#### DATA PROVIDED
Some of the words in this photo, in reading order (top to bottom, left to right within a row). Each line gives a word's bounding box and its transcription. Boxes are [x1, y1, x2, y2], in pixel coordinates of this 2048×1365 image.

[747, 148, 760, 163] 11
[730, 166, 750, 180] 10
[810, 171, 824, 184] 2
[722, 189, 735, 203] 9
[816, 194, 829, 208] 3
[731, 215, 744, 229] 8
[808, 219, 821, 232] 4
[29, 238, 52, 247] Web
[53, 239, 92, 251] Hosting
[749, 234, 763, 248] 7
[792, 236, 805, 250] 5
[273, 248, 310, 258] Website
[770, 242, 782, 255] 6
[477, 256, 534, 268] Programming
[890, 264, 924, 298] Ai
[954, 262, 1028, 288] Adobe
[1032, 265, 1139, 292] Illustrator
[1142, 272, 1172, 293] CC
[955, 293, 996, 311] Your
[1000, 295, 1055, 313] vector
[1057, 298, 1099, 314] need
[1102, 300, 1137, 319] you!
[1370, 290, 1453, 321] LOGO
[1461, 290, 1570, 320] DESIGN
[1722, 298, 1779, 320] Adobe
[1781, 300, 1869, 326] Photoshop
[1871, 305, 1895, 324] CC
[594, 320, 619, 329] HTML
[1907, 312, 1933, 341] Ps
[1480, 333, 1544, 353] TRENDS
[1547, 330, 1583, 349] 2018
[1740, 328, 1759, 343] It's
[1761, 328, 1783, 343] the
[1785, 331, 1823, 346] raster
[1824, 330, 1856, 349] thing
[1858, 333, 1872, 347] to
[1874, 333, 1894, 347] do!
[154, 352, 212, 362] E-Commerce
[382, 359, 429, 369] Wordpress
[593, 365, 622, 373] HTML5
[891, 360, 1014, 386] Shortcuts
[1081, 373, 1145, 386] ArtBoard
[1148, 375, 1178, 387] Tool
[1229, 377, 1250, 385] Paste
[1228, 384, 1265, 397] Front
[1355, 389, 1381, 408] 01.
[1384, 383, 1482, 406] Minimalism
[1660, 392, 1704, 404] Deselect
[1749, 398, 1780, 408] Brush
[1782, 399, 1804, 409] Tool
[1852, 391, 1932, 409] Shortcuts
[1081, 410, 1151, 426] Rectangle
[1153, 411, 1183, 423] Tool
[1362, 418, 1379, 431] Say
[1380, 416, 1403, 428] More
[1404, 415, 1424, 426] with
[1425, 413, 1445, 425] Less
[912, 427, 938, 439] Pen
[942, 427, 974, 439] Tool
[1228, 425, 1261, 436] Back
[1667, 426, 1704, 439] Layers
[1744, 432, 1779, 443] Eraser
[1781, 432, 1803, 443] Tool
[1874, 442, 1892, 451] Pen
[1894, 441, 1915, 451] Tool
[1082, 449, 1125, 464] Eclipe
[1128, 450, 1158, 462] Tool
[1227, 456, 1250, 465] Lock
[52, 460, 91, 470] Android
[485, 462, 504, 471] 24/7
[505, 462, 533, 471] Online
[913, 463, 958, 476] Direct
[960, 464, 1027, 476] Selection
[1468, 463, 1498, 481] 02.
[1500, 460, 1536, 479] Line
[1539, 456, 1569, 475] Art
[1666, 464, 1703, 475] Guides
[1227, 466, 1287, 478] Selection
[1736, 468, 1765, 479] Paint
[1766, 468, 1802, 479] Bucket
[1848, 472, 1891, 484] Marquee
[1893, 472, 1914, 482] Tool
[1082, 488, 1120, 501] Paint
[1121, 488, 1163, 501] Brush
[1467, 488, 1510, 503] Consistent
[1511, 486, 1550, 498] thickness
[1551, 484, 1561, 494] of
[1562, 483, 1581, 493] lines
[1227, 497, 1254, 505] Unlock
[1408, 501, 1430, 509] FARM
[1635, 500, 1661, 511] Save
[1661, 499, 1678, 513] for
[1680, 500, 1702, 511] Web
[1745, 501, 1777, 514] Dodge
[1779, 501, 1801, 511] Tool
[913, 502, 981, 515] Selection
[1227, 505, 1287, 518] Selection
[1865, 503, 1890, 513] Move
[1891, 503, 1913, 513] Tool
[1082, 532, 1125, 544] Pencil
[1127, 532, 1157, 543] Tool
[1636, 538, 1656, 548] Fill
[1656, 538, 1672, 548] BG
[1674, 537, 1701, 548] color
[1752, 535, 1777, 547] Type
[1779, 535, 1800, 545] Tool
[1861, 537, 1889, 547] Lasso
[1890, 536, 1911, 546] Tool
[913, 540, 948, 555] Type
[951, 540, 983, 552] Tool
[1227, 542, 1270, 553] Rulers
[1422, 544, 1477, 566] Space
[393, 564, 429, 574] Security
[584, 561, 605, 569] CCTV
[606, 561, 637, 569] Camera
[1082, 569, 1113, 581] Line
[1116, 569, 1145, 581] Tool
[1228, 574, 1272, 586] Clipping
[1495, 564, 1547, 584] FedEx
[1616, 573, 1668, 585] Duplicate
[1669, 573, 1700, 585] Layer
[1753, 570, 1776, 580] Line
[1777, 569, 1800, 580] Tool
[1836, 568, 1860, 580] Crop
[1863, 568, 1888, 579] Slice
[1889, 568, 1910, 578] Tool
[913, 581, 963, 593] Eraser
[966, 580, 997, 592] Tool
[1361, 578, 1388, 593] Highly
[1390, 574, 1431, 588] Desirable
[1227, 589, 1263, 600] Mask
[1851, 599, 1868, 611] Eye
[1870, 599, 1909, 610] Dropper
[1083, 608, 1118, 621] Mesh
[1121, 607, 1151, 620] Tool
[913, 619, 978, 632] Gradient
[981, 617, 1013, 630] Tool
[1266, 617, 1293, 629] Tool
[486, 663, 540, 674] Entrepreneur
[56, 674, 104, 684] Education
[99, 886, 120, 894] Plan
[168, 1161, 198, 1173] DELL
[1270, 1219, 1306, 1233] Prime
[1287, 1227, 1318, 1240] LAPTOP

#### TASK
In the lines above, every record is to be repeated exactly.

#### WRITTEN SOLUTION
Some of the words in this photo, in reading order (top to bottom, left to right within a row). Each line gives a word's bounding box and its transcription. Boxes are [x1, y1, x2, y2], in pixel coordinates of this 2048×1365 image.

[747, 148, 760, 163] 11
[730, 166, 750, 180] 10
[810, 171, 824, 184] 2
[722, 189, 735, 203] 9
[816, 194, 829, 208] 3
[731, 215, 744, 229] 8
[808, 219, 821, 232] 4
[29, 238, 52, 247] Web
[53, 239, 92, 251] Hosting
[749, 234, 763, 248] 7
[792, 236, 805, 250] 5
[273, 248, 310, 258] Website
[770, 242, 782, 255] 6
[477, 256, 534, 268] Programming
[890, 264, 924, 298] Ai
[954, 262, 1028, 288] Adobe
[1032, 265, 1139, 292] Illustrator
[1142, 272, 1172, 293] CC
[955, 293, 996, 311] Your
[1000, 295, 1055, 313] vector
[1057, 298, 1099, 314] need
[1102, 300, 1137, 319] you!
[1370, 290, 1453, 321] LOGO
[1461, 290, 1570, 320] DESIGN
[1722, 298, 1779, 320] Adobe
[1781, 300, 1869, 326] Photoshop
[1871, 305, 1895, 324] CC
[594, 320, 619, 329] HTML
[1907, 312, 1933, 341] Ps
[1480, 333, 1544, 353] TRENDS
[1547, 330, 1583, 349] 2018
[1740, 328, 1759, 343] It's
[1761, 328, 1783, 343] the
[1785, 331, 1823, 346] raster
[1824, 330, 1856, 349] thing
[1858, 333, 1872, 347] to
[1874, 333, 1894, 347] do!
[154, 352, 212, 362] E-Commerce
[382, 359, 429, 369] Wordpress
[593, 365, 622, 373] HTML5
[891, 360, 1014, 386] Shortcuts
[1081, 373, 1145, 386] ArtBoard
[1148, 375, 1178, 387] Tool
[1229, 377, 1250, 385] Paste
[1228, 384, 1265, 397] Front
[1355, 389, 1381, 408] 01.
[1384, 383, 1482, 406] Minimalism
[1660, 392, 1704, 404] Deselect
[1749, 398, 1780, 408] Brush
[1782, 399, 1804, 409] Tool
[1852, 391, 1932, 409] Shortcuts
[1081, 410, 1151, 426] Rectangle
[1153, 411, 1183, 423] Tool
[1362, 418, 1379, 431] Say
[1380, 416, 1403, 428] More
[1404, 415, 1424, 426] with
[1425, 413, 1445, 425] Less
[912, 427, 938, 439] Pen
[942, 427, 974, 439] Tool
[1228, 425, 1261, 436] Back
[1667, 426, 1704, 439] Layers
[1744, 432, 1779, 443] Eraser
[1781, 432, 1803, 443] Tool
[1874, 442, 1892, 451] Pen
[1894, 441, 1915, 451] Tool
[1082, 449, 1125, 464] Eclipe
[1128, 450, 1158, 462] Tool
[1227, 456, 1250, 465] Lock
[52, 460, 91, 470] Android
[485, 462, 504, 471] 24/7
[505, 462, 533, 471] Online
[913, 463, 958, 476] Direct
[960, 464, 1027, 476] Selection
[1468, 463, 1498, 481] 02.
[1500, 460, 1536, 479] Line
[1539, 456, 1569, 475] Art
[1666, 464, 1703, 475] Guides
[1227, 466, 1287, 478] Selection
[1736, 468, 1765, 479] Paint
[1766, 468, 1802, 479] Bucket
[1848, 472, 1891, 484] Marquee
[1893, 472, 1914, 482] Tool
[1082, 488, 1120, 501] Paint
[1121, 488, 1163, 501] Brush
[1467, 488, 1510, 503] Consistent
[1511, 486, 1550, 498] thickness
[1551, 484, 1561, 494] of
[1562, 483, 1581, 493] lines
[1227, 497, 1254, 505] Unlock
[1408, 501, 1430, 509] FARM
[1635, 500, 1661, 511] Save
[1661, 499, 1678, 513] for
[1680, 500, 1702, 511] Web
[1745, 501, 1777, 514] Dodge
[1779, 501, 1801, 511] Tool
[913, 502, 981, 515] Selection
[1227, 505, 1287, 518] Selection
[1865, 503, 1890, 513] Move
[1891, 503, 1913, 513] Tool
[1082, 532, 1125, 544] Pencil
[1127, 532, 1157, 543] Tool
[1636, 538, 1656, 548] Fill
[1656, 538, 1672, 548] BG
[1674, 537, 1701, 548] color
[1752, 535, 1777, 547] Type
[1779, 535, 1800, 545] Tool
[1861, 537, 1889, 547] Lasso
[1890, 536, 1911, 546] Tool
[913, 540, 948, 555] Type
[951, 540, 983, 552] Tool
[1227, 542, 1270, 553] Rulers
[1422, 544, 1477, 566] Space
[393, 564, 429, 574] Security
[584, 561, 605, 569] CCTV
[606, 561, 637, 569] Camera
[1082, 569, 1113, 581] Line
[1116, 569, 1145, 581] Tool
[1228, 574, 1272, 586] Clipping
[1495, 564, 1547, 584] FedEx
[1616, 573, 1668, 585] Duplicate
[1669, 573, 1700, 585] Layer
[1753, 570, 1776, 580] Line
[1777, 569, 1800, 580] Tool
[1836, 568, 1860, 580] Crop
[1863, 568, 1888, 579] Slice
[1889, 568, 1910, 578] Tool
[913, 581, 963, 593] Eraser
[966, 580, 997, 592] Tool
[1361, 578, 1388, 593] Highly
[1390, 574, 1431, 588] Desirable
[1227, 589, 1263, 600] Mask
[1851, 599, 1868, 611] Eye
[1870, 599, 1909, 610] Dropper
[1083, 608, 1118, 621] Mesh
[1121, 607, 1151, 620] Tool
[913, 619, 978, 632] Gradient
[981, 617, 1013, 630] Tool
[1266, 617, 1293, 629] Tool
[486, 663, 540, 674] Entrepreneur
[56, 674, 104, 684] Education
[99, 886, 120, 894] Plan
[168, 1161, 198, 1173] DELL
[1270, 1219, 1306, 1233] Prime
[1287, 1227, 1318, 1240] LAPTOP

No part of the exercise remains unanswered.